Wednesday, July 25, 2012

More Billions for Greece Are Still a Bargain for Europe

July 25, 2012

The prospect of Greece leaving the euro is infecting markets again like a recurring case of the Spanish flu. As Greece’s international creditors begin talks in Athens, a few deep breaths and some perspective are in order.

Did anyone think Greece wasn’t still at risk of a euro departure? The election of a pro-euro government on June 17 did no more than avoid an instant Greek exit. The challenges that existed before the vote remain, and that was as clear in June as it is now.

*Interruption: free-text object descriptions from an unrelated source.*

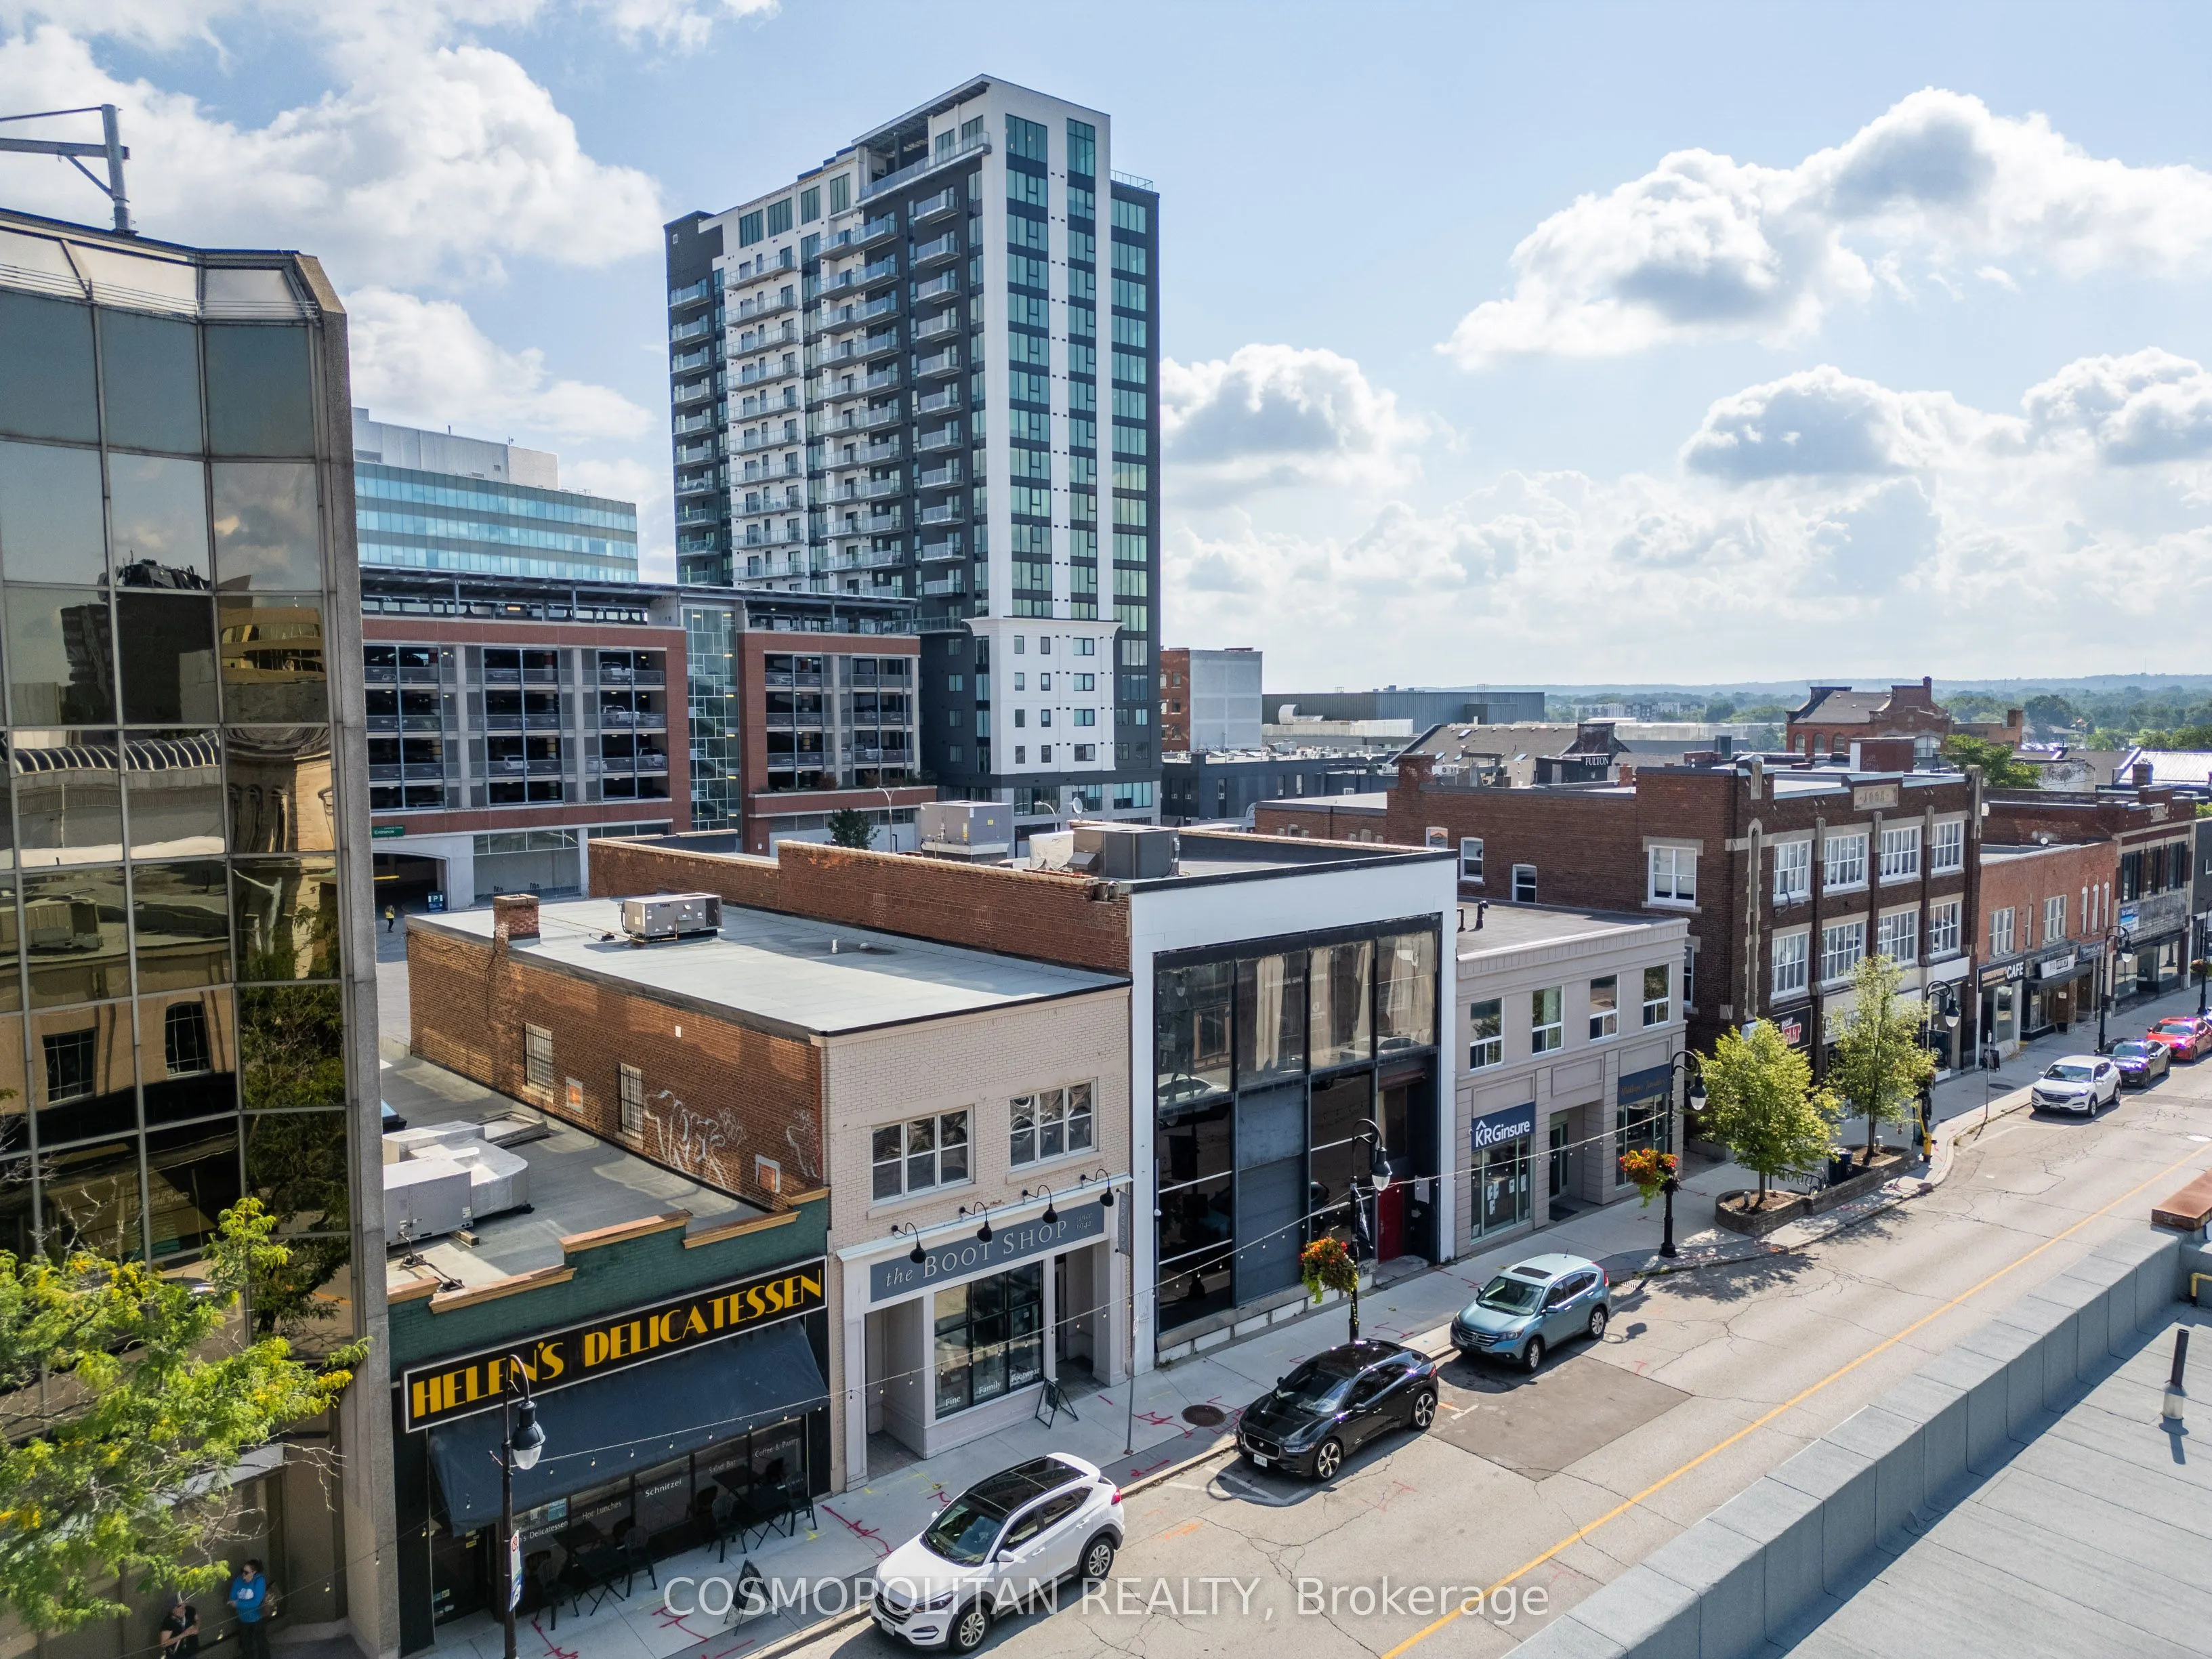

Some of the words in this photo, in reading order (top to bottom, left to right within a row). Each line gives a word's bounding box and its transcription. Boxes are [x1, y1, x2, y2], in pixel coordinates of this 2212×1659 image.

[1585, 756, 1609, 766] FULTON
[2006, 961, 2024, 980] CAFE
[1475, 1120, 1530, 1148] KRGinsure
[1076, 1221, 1091, 1230] 1942
[1077, 1213, 1093, 1221] since
[885, 1267, 913, 1287] the
[923, 1241, 993, 1278] BOOT
[1003, 1220, 1067, 1255] SHOP
[413, 1341, 564, 1419] HELEN'S
[584, 1269, 822, 1368] DELICATESSEN
[945, 1395, 961, 1406] Fine
[978, 1380, 1001, 1394] Family
[1011, 1367, 1040, 1382] Footwear
[755, 1447, 774, 1458] Coffee
[782, 1437, 799, 1449] Pastry
[709, 1463, 724, 1474] Salad
[726, 1459, 736, 1469] Bar
[644, 1478, 682, 1497] Schnitzel
[582, 1511, 593, 1520] Hot
[596, 1500, 622, 1515] Lunches
[529, 1520, 568, 1539] Delicatessen

The latest hyperventilation was triggered by an article in the German magazine Der Spiegel and comments from Germany’s Vice Chancellor Philipp Roesler. The Spiegel piece said the International Monetary Fund was ready to cut off Greek aid. Roesler said the idea of Greece leaving the euro had “long since lost its horror.”

Note that the comments came from Germany, just before the so-called troika -- the IMF, officials from the euro area and the European Central Bank -- went to Greece to press the new coalition government about its loan commitments. Note, too, that Germany’s ruling Christian Democratic Union on Tuesday disowned the overly sanguine comments by Roesler, the chairman of the Free Democratic Party, as Spanish bond yields soared and Moody’s Investors Service put German bonds on a negative outlook.